Vic, your situation is genuinely complex and you deserve a thoughtful, nuanced answer — not a one-size-fits-all response.

Your history — HIV since 1986, non-Hodgkin’s lymphoma, chemotherapy-induced hypogonadism and adrenal insufficiency, decades of successful TRT, and now BPH with urinary retention triggered by testosterone — puts you in a category that most TRT discussions simply don’t address adequately.

Let’s work through this carefully.

Why is testosterone causing urinary retention after Aquablation?

This is the key question. Testosterone stimulates prostate tissue partly through its conversion to DHT (dihydrotestosterone), which can worsen lower urinary tract symptoms (LUTS).

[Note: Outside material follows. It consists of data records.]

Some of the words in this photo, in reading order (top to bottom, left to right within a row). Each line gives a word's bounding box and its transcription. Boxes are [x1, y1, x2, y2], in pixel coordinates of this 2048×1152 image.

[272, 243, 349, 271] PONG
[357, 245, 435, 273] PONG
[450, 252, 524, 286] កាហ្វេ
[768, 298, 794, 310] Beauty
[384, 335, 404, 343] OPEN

However, you had Aquablation specifically to resolve BPH obstruction — so immediate retention after low-dose gel suggests one or more of these possibilities:

∙ The prostate is still healing or inflamed post-procedure
∙ You may be a high DHT converter
∙ There could be a secondary issue worth investigating — urethral stricture or bladder dysfunction

Before giving up on testosterone entirely, there is a very reasonable next step.

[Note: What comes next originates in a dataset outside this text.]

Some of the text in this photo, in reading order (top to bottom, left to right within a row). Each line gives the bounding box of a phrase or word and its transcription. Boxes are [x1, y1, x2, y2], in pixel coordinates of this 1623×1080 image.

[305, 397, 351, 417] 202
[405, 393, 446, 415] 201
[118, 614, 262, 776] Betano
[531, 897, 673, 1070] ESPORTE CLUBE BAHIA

Consider an Alpha-1 Blocker First

Rather than a 5-alpha reductase inhibitor (finasteride, dutasteride) — which I would not recommend given their well-documented risk of sexual side effects including erectile dysfunction, loss of libido, and in some men persistent post-finasteride syndrome — alpha-1 blockers are a far better fit for your situation.

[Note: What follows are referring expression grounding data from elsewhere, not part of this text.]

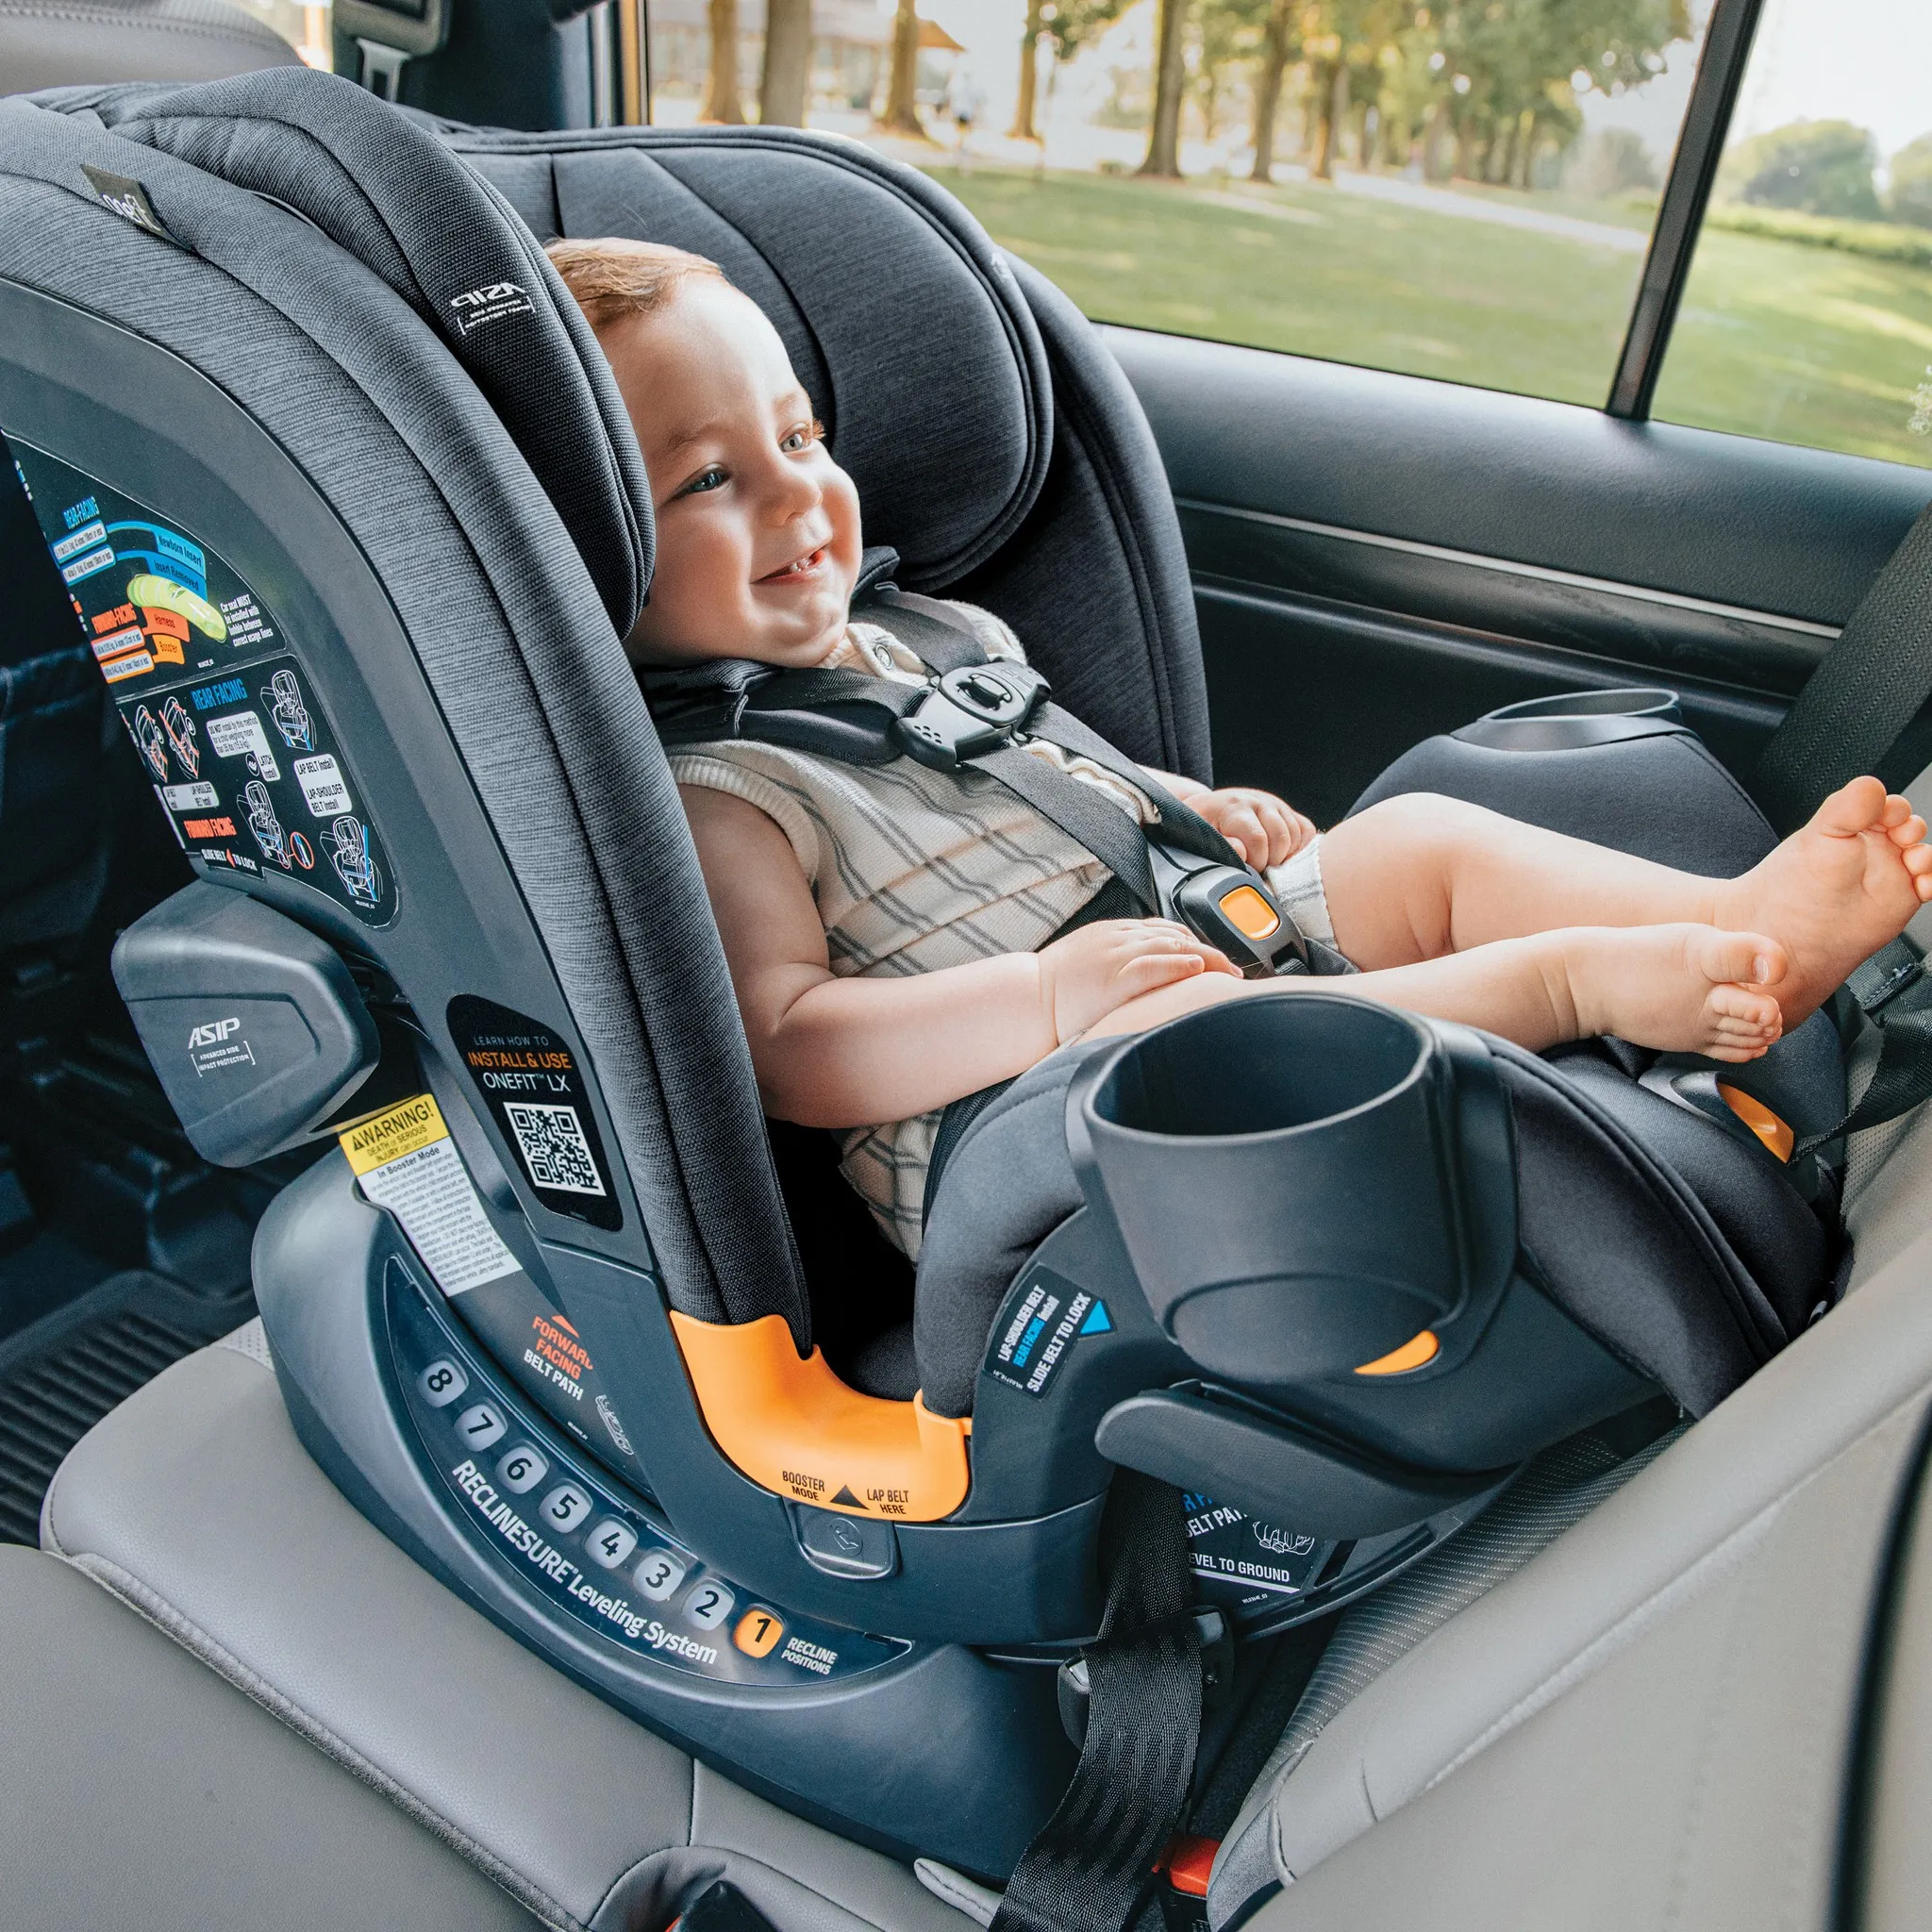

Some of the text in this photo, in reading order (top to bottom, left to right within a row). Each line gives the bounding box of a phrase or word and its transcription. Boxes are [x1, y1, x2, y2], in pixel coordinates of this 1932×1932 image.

[158, 534, 202, 567] Newborn Insert
[154, 559, 199, 591] Insert Removed
[154, 614, 176, 629] Harness
[158, 641, 178, 654] Booster
[192, 678, 248, 710] REAR FACING
[258, 754, 274, 766] LATCH
[296, 757, 335, 775] LAP BELT Install
[306, 783, 344, 800] LAP-SHOULDER
[311, 799, 341, 813] BELT Install
[241, 857, 258, 871] LOCK
[189, 1017, 241, 1049] ASIP
[475, 1036, 549, 1046] LEARN HOW TO
[217, 1054, 249, 1067] PROTECTION
[468, 1051, 572, 1069] INSTALL & USE
[547, 1075, 571, 1092] LX
[359, 1101, 434, 1147] WARNING!
[366, 1141, 390, 1157] DEATH
[397, 1124, 427, 1143] SERIOUS
[375, 1147, 399, 1162] INJURY
[377, 1147, 441, 1178] In Booster Mode
[998, 1284, 1046, 1362] LAP-SHOULDER BELT
[1026, 1291, 1091, 1392] SLIDE BELT TO LOCK
[535, 1338, 582, 1380] FACING
[524, 1348, 584, 1401] BELT PATH
[782, 1471, 825, 1492] BOOSTER
[791, 1486, 820, 1501] MODE
[427, 1368, 773, 1643] 8 7 6 5 4 3 2 1
[867, 1489, 908, 1503] LAP BELT
[880, 1505, 907, 1515] HERE
[1189, 1552, 1290, 1583] EVEL TO GROUND
[567, 1574, 647, 1639] Leveling
[643, 1622, 718, 1666] System
[781, 1648, 834, 1675] POSITIONS
[787, 1637, 839, 1666] RECLINE

Medications like tamsulosin (Flomax, 0.4mg) or silodosin (Rapaflo) work by relaxing smooth muscle in the prostate and bladder neck. Key advantages for you specifically:

∙ No hormonal interference — they don’t affect DHT or blunt testosterone’s benefits
∙ Fast acting — urinary symptom relief often within days, not months like 5-ARIs
∙ No sexual side effects — some men actually report improved sensation
∙ Well tolerated in older men and generally in HIV+ patients, though drug interactions with your antiretrovirals should be reviewed with your pharmacist or HIV specialist
∙ Tamsulosin is the most commonly used and best studied option

One important caution: Alpha blockers can cause orthostatic hypotension (dizziness when standing up), which is worth monitoring carefully at 70, particularly if you take any blood pressure medications.

A Practical Path Forward

Here is a reasonable stepwise approach to discuss with your doctors:
1. Start an alpha-1 blocker (tamsulosin 0.4mg is the typical first choice) and allow 2–4 weeks to assess urinary symptom relief
2. Allow adequate healing time post-Aquablation — prostate tissue can remain reactive for several months after the procedure
3. Cautiously reintroduce very low-dose testosterone — a small 25 mg subcutaneous injection 3 times per week may actually be easier to titrate than gel, and avoids the variable absorption that gel carries
4. Monitor closely — urinary flow rate, symptom scores, and testosterone levels together

Don’t overlook the bigger picture

At a testosterone level of 90 ng/dL, you are almost certainly experiencing real consequences — fatigue, muscle loss, cognitive changes, mood shifts, and accelerating bone density decline. These are not trivial at 70, and they are especially significant given your HIV history.

Long-term HIV and antiretroviral therapy are themselves independently associated with hypogonadism, metabolic dysfunction, and osteoporosis. Your HIV/infectious disease specialist should be part of this conversation alongside your urologist and endocrinologist. This is a case that calls for a team approach.
Your adrenal insufficiency history also matters here — low testosterone in that context is not just a quality-of-life issue. It has real physiological implications.

You have been navigating extraordinarily complex medical terrain for nearly 40 years. You deserve better than simply being told to stop testosterone and live with it. Push for a joint consultation between your urologist and endocrinologist, specifically asking about:

∙ Alpha-1 blocker therapy as a bridge and ongoing support for urinary function
∙ Low-dose testosterone reintroduction once urinary symptoms are controlled
∙ Bone density assessment (DEXA scan) given your cumulative risk factors
∙ Review of drug interactions between any new medications and your HIV regimen
You have options. Don’t give up on this yet.
— Nelson

PS: also poz here since 1986 and had lymphoma.